Benjamin Buchloh.
Neo-Avantgarde and Culture Industry

History and theory of contemporary art

A new glance on the official version of the history of 20th Century Art.

Benjamin Buchloh is an art historian and art critic, a professor of the Department of Contemporary Art of Harvard University, an editor of the October journal. He was awarded the “Golden Lion” at the 52nd Venice Biennale for his critical contribution to contemporary art.

Nineteen articles by the art critic Benjamin Buchloh were included in this publication. In it he considers artistic currents such as new realism in France, American pop art and fluxus art, minimalism, European and American post-conceptual art. The author establishes connections and pinpoints differences between these practices and the historical avant-garde of 1915-1925. Another topic which Benjamin Buchloh is constantly addressing is connected with his attempt to shed light on the differences between post-war American and post-war European neo-Avant-garde cultures. He looks for adequate criteria — historical, ideological and aesthetic- by which such a distinction (evident in the artists ' own works) can be proven convincingly.
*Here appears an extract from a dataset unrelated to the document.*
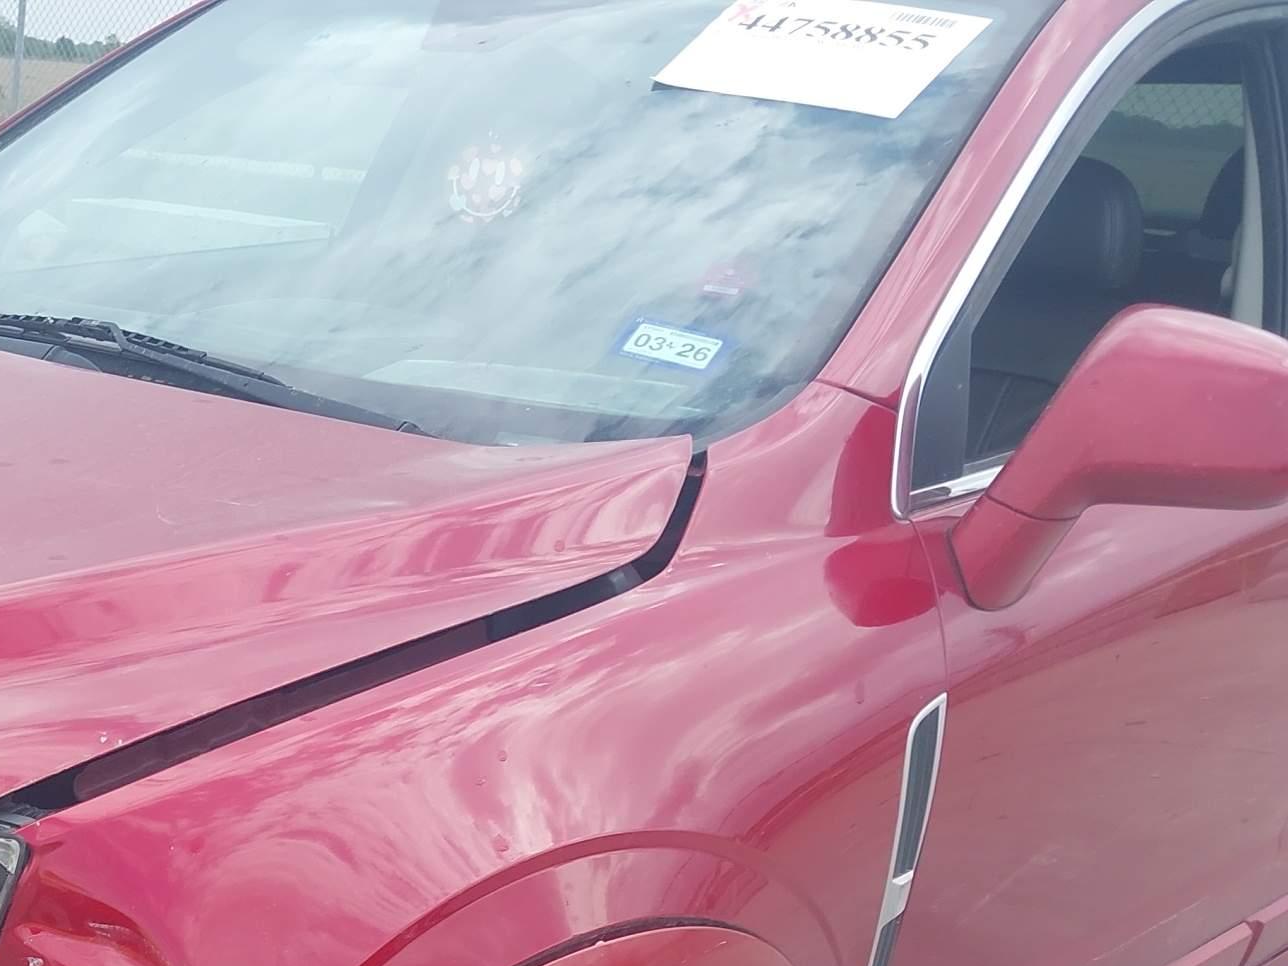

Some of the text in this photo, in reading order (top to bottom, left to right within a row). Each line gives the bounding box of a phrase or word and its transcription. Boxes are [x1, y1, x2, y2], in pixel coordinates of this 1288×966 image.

[737, 13, 937, 50] 44758855
[633, 333, 667, 351] 03
[675, 343, 711, 361] 26
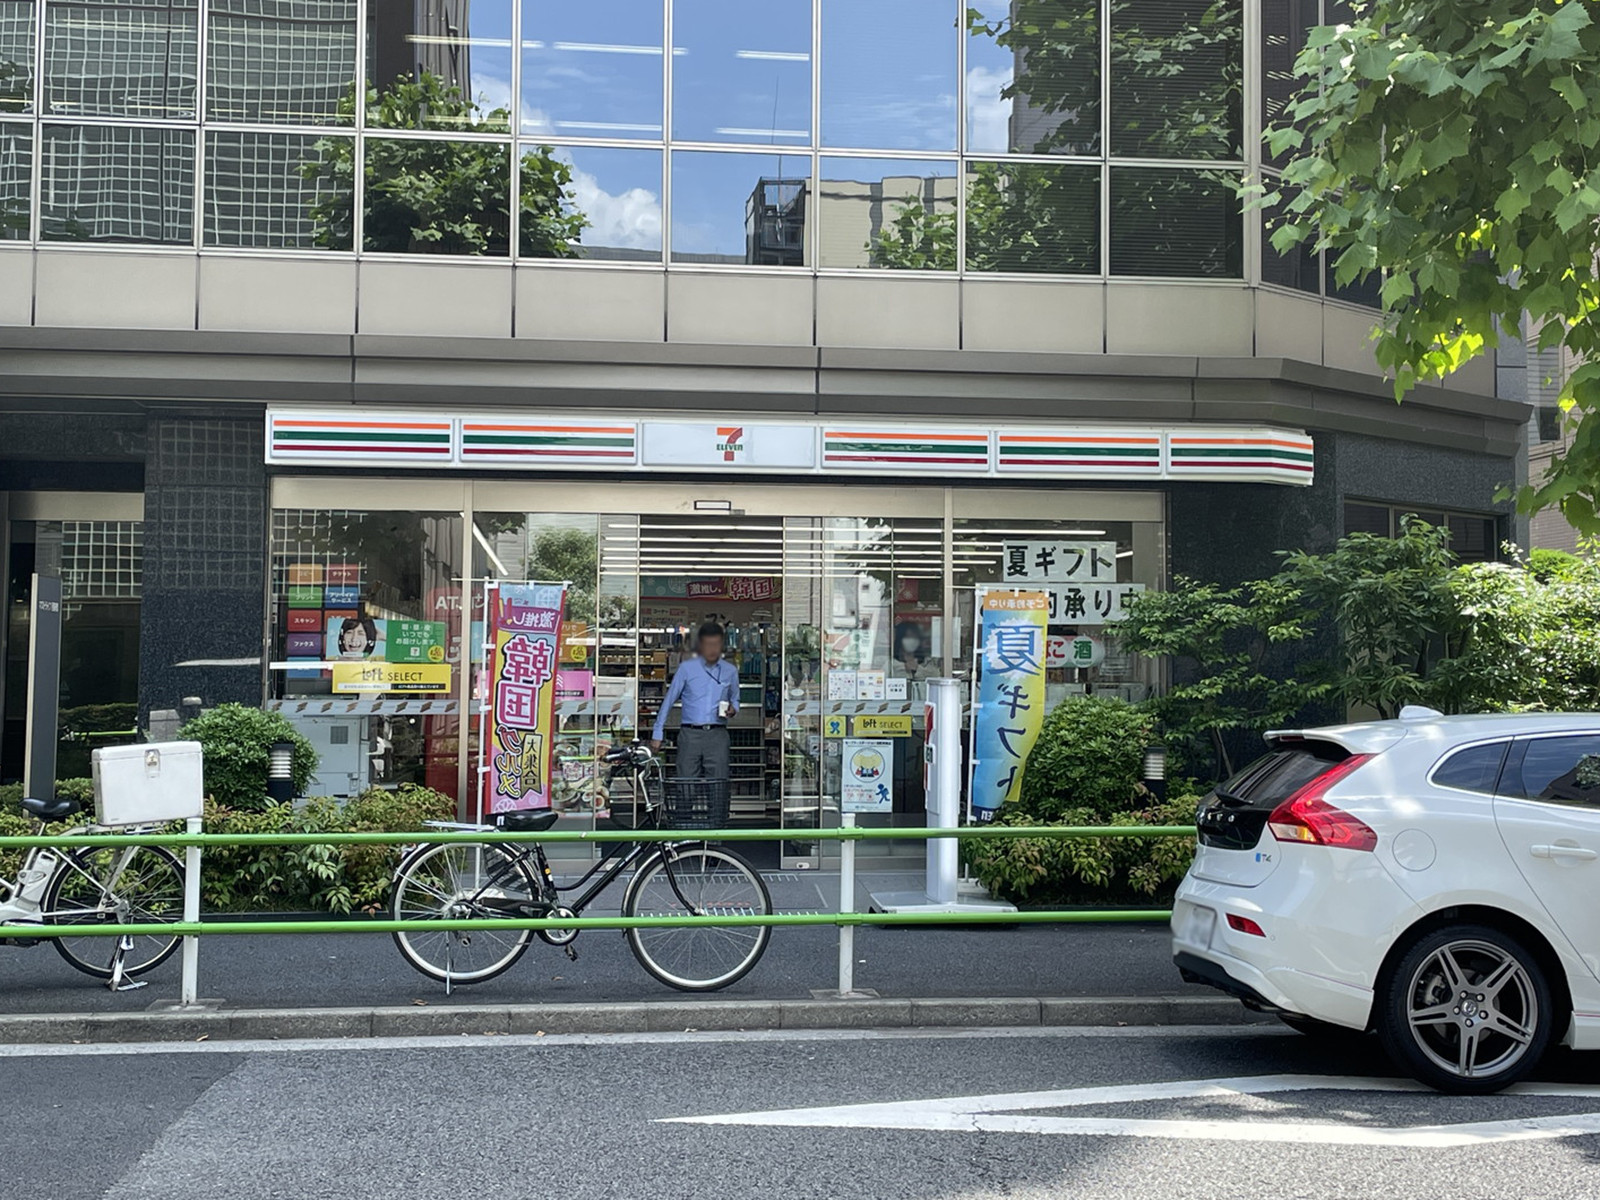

The third major theme which the critic addresses is the issue of interdependence of artistic and ideological formations in practices in the post-war period.

Essays in the collection are devoted to the work of Richard Serra, Marcel Broodthaers, Joseph Beuys and Hans Haacke.

If the art of the 1960s and 1970s was marked by a clear desire to abandon traditional artistic genres and categories, the recent works of younger artists, both in Europe and North America, seem to be trying to breathe new life into specifically sculptural traditions in sculpture, specifically pictorial traditions in painting and specifically theatrical traditions in performative practice.